I have the following dataframe...
df1:
playerA playerB PlayerC PlayerD
kim lee b f
jackson kim d g
dan lee a d
I want to generate a new data frame with all possible combinations of two columns. For example,
df_new:
Target Source
kim lee
kim kim
kim lee
kim b
kim d
kim a
kim f
kim g
kim d
jackson lee
jackson kim
jackson lee
jackson b
.
.
.
.
lee kim
lee jackson
lee dan
lee b
lee d
.
.
.
Thus, I tried this code t
import itertools
def comb(df1):
return [df1.loc[:, list(x)].set_axis(['Target','Source'], axis=1)
for x in itertools.combinations(df1.columns, 2)]
However, It only shows combinations between columns in the same row.
Is there any way that I could generate all the possible combination between columns? Thanks in advance!
A way from itertools
via permutations
, product
and chain.from_iterable
:
from itertools import chain, permutations, product
df = pd.DataFrame(
chain.from_iterable(product(df1[col_1], df1[col_2])

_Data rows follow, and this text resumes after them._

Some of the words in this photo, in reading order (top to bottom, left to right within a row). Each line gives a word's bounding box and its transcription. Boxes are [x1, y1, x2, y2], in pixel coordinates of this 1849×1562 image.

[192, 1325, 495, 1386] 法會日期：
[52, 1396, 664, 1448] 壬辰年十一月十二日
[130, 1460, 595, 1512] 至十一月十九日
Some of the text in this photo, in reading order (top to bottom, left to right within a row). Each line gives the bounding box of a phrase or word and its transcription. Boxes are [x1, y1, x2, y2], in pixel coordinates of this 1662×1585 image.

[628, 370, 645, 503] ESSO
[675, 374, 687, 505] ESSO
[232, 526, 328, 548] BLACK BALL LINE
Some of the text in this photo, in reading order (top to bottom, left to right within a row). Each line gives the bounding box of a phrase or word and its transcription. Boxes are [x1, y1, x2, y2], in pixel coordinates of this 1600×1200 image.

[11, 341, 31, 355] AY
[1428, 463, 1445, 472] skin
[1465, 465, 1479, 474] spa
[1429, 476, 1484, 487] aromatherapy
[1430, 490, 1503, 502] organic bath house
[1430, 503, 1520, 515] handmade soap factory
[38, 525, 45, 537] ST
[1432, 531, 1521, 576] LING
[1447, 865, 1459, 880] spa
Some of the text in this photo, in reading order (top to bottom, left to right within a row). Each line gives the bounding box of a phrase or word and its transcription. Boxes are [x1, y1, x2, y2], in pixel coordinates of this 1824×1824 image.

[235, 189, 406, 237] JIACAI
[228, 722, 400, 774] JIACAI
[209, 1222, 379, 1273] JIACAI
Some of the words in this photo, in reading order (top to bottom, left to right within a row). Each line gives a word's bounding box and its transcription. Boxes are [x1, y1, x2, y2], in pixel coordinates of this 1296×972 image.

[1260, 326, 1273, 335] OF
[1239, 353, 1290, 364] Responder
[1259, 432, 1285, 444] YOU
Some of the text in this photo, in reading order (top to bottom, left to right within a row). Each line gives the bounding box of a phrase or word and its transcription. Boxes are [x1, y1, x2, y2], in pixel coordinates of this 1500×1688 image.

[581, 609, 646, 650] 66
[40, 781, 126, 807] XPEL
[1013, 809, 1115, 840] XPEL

for col_1, col_2 in permutations(df1.columns, r=2)),
columns=["Target", "Source"]
)
where we first get 2-permutations
of all columns, then for each pair, form a product
of their values. After doing this for all permutations, flatten them with chain.from_iterable
and pass to the dataframe constructor.
I get a 108 x 2 dataframe:
Target Source
0 kim lee
1 kim kim
2 kim lee
3 jackson lee
4 jackson kim
.. ... ...
103 g d
104 g a
105 d b
106 d d
107 d a
(where 108 = 3*9*4: 3 = rows, 9 = rows * other columns, 4 = total columns).